Dataset entries
◆ ◆ ◆ ◆ ◆ ◆ ◆

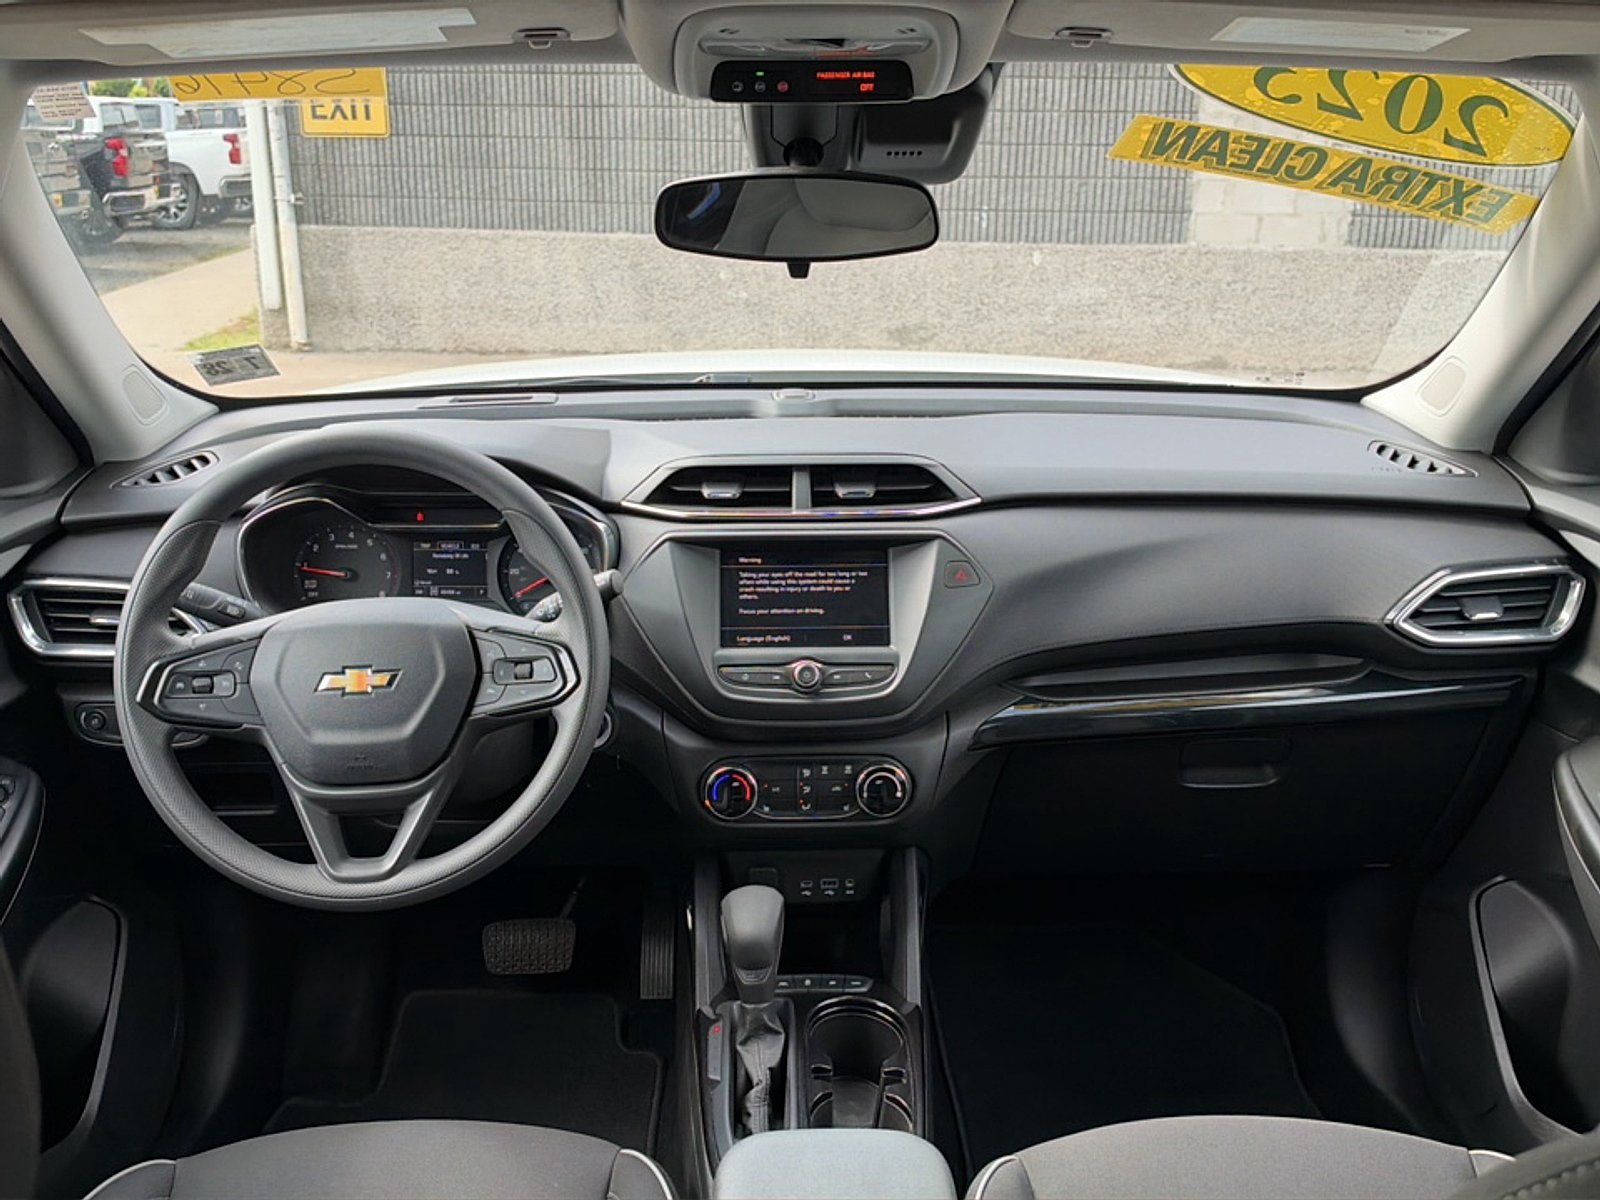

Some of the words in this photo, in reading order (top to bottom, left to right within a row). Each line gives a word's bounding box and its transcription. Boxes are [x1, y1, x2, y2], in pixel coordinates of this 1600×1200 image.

[859, 83, 875, 92] OFF
[739, 557, 762, 565] Warning
[739, 571, 757, 579] Taking
[758, 571, 769, 579] your
[771, 571, 783, 579] eyes
[838, 571, 849, 579] long
[737, 635, 764, 643] Language
[765, 635, 790, 643] (English)
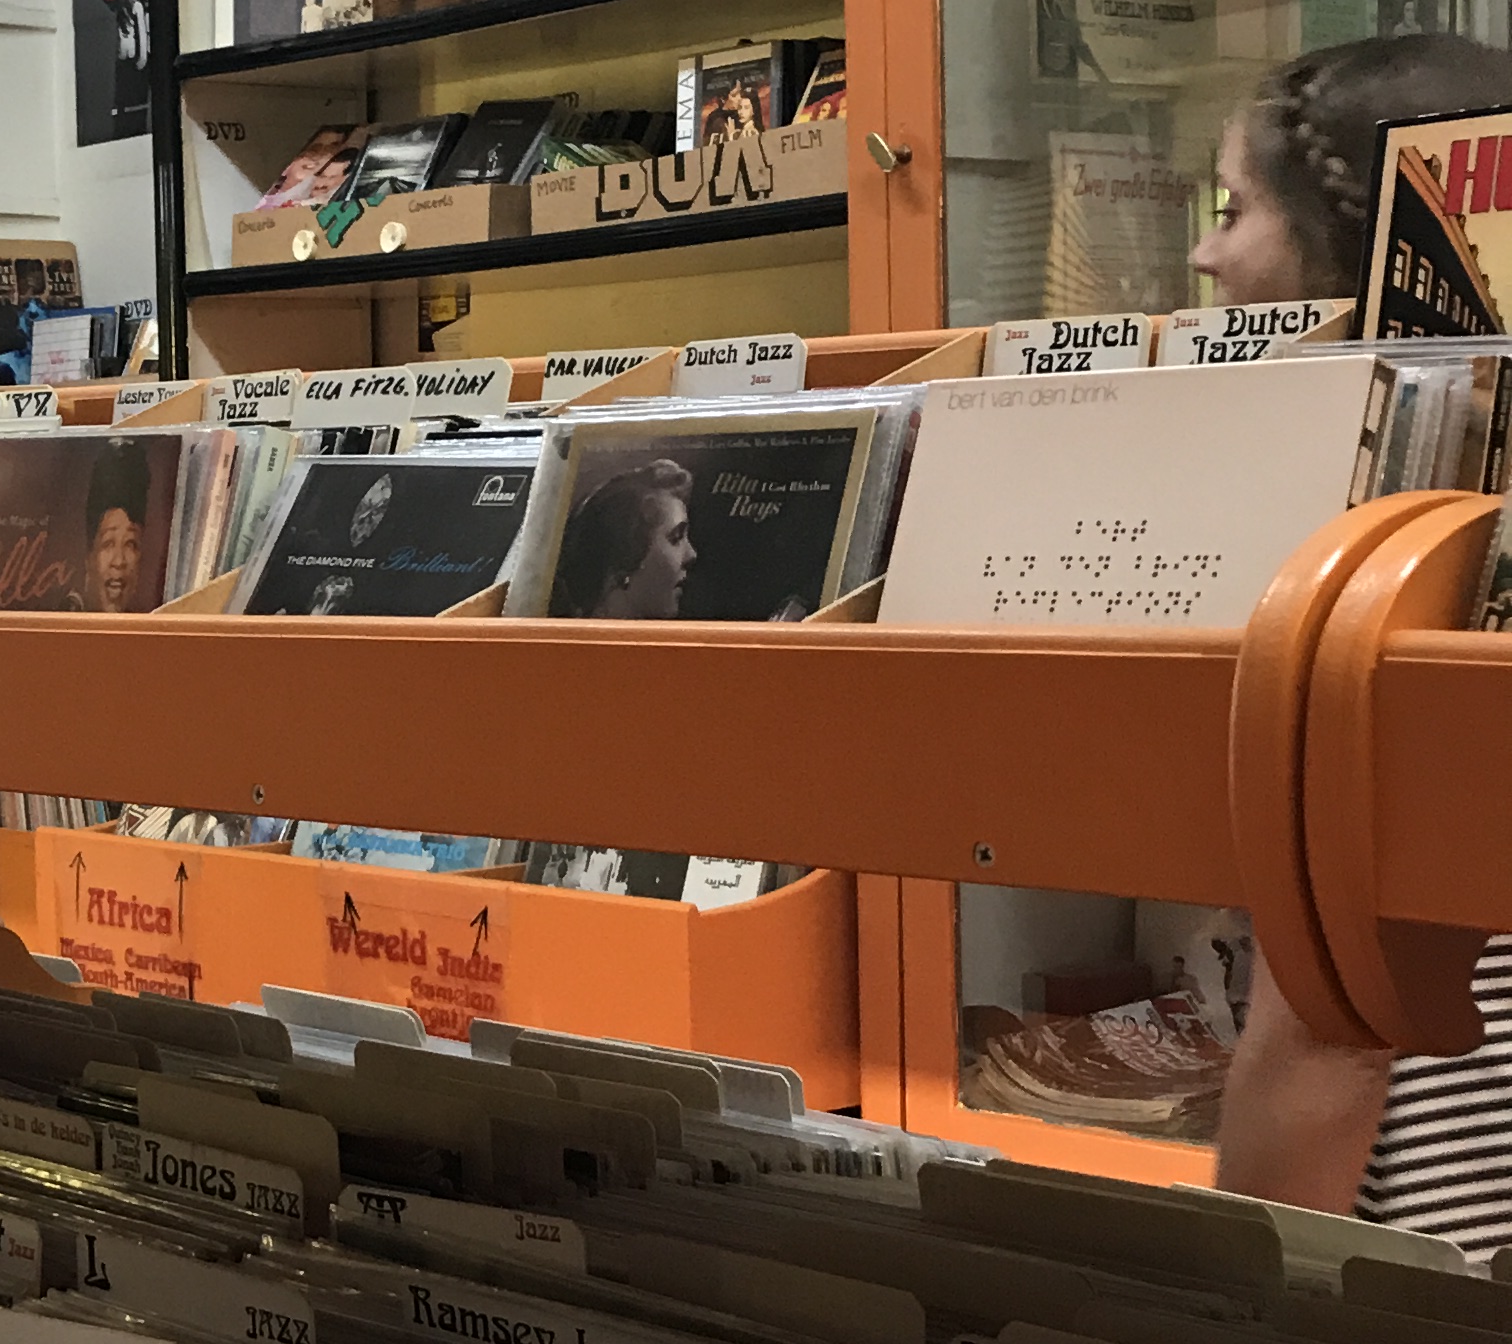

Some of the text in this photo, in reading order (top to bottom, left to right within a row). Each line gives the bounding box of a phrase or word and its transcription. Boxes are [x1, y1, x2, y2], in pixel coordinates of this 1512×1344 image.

[204, 120, 246, 142] DVD
[780, 128, 823, 154] FILM
[536, 175, 577, 198] MOVIE
[124, 299, 153, 319] DVD
[1225, 303, 1322, 337] Dutch
[1049, 321, 1140, 350] Dutch
[684, 343, 794, 367] Dutch Jazz
[1022, 346, 1093, 374] Jazz
[1191, 335, 1270, 365] Jazz
[116, 388, 154, 405] Lester
[233, 375, 291, 400] Vocale
[991, 386, 1025, 408] van
[1029, 385, 1065, 408] den
[217, 399, 259, 421] Jazz
[287, 556, 376, 569] THE DIAMOND FIVE
[87, 886, 174, 937] Africa
[325, 915, 428, 967] Wereld
[144, 1139, 302, 1221] Jones JAZZ
[513, 1212, 562, 1244] Jazz
[83, 1233, 112, 1292] L
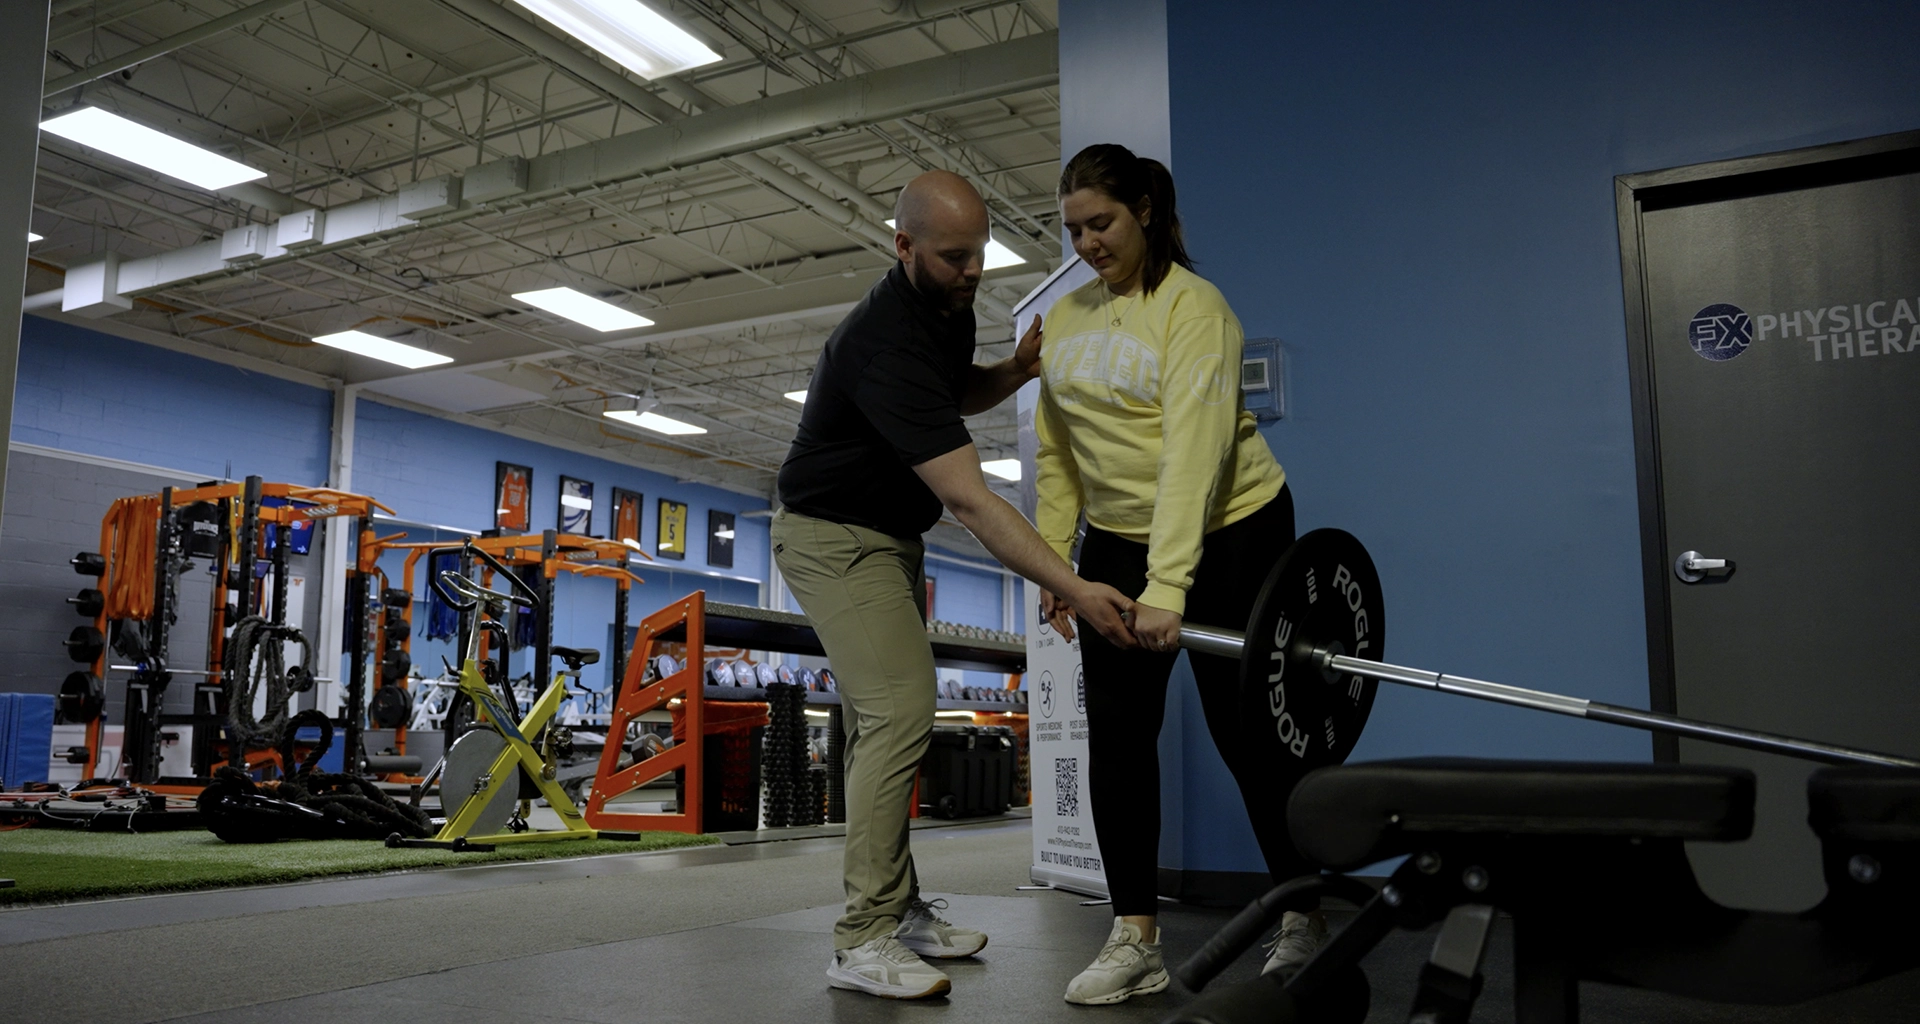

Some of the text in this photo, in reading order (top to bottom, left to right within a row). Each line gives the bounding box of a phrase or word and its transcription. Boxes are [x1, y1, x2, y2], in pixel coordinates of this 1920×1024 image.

[1691, 297, 1920, 353] FX PHYSICA
[1305, 566, 1318, 605] 10LB
[1267, 616, 1310, 759] ROGUE
[1324, 715, 1337, 750] 10LB
[1041, 851, 1101, 871] BUILT TO MAKE YOU BETTER

◆ ◆ ◆ ◆ ◆ ◆ ◆

◆ What is being asked
A faithful, word-for-word copy of the data is needed; the pictures should not appear in it.

◆ Solution to the problem
Some of the words in this photo, in reading order (top to bottom, left to right within a row). Each line gives a word's bounding box and its transcription. Boxes are [x1, y1, x2, y2], in pixel coordinates of this 1600×1200 image.

[859, 83, 875, 92] OFF
[739, 557, 762, 565] Warning
[739, 571, 757, 579] Taking
[758, 571, 769, 579] your
[771, 571, 783, 579] eyes
[838, 571, 849, 579] long
[737, 635, 764, 643] Language
[765, 635, 790, 643] (English)

Some of the text in this photo, in reading order (top to bottom, left to right within a row). Each line gives the bounding box of a phrase or word and its transcription. Boxes are [x1, y1, x2, y2], in pixel coordinates of this 1512×1344 image.

[204, 120, 246, 142] DVD
[780, 128, 823, 154] FILM
[536, 175, 577, 198] MOVIE
[124, 299, 153, 319] DVD
[1225, 303, 1322, 337] Dutch
[1049, 321, 1140, 350] Dutch
[684, 343, 794, 367] Dutch Jazz
[1022, 346, 1093, 374] Jazz
[1191, 335, 1270, 365] Jazz
[116, 388, 154, 405] Lester
[233, 375, 291, 400] Vocale
[991, 386, 1025, 408] van
[1029, 385, 1065, 408] den
[217, 399, 259, 421] Jazz
[287, 556, 376, 569] THE DIAMOND FIVE
[87, 886, 174, 937] Africa
[325, 915, 428, 967] Wereld
[144, 1139, 302, 1221] Jones JAZZ
[513, 1212, 562, 1244] Jazz
[83, 1233, 112, 1292] L

Some of the text in this photo, in reading order (top to bottom, left to right within a row). Each line gives the bounding box of a phrase or word and its transcription. Boxes are [x1, y1, x2, y2], in pixel coordinates of this 1920×1024 image.

[1691, 297, 1920, 353] FX PHYSICA
[1305, 566, 1318, 605] 10LB
[1267, 616, 1310, 759] ROGUE
[1324, 715, 1337, 750] 10LB
[1041, 851, 1101, 871] BUILT TO MAKE YOU BETTER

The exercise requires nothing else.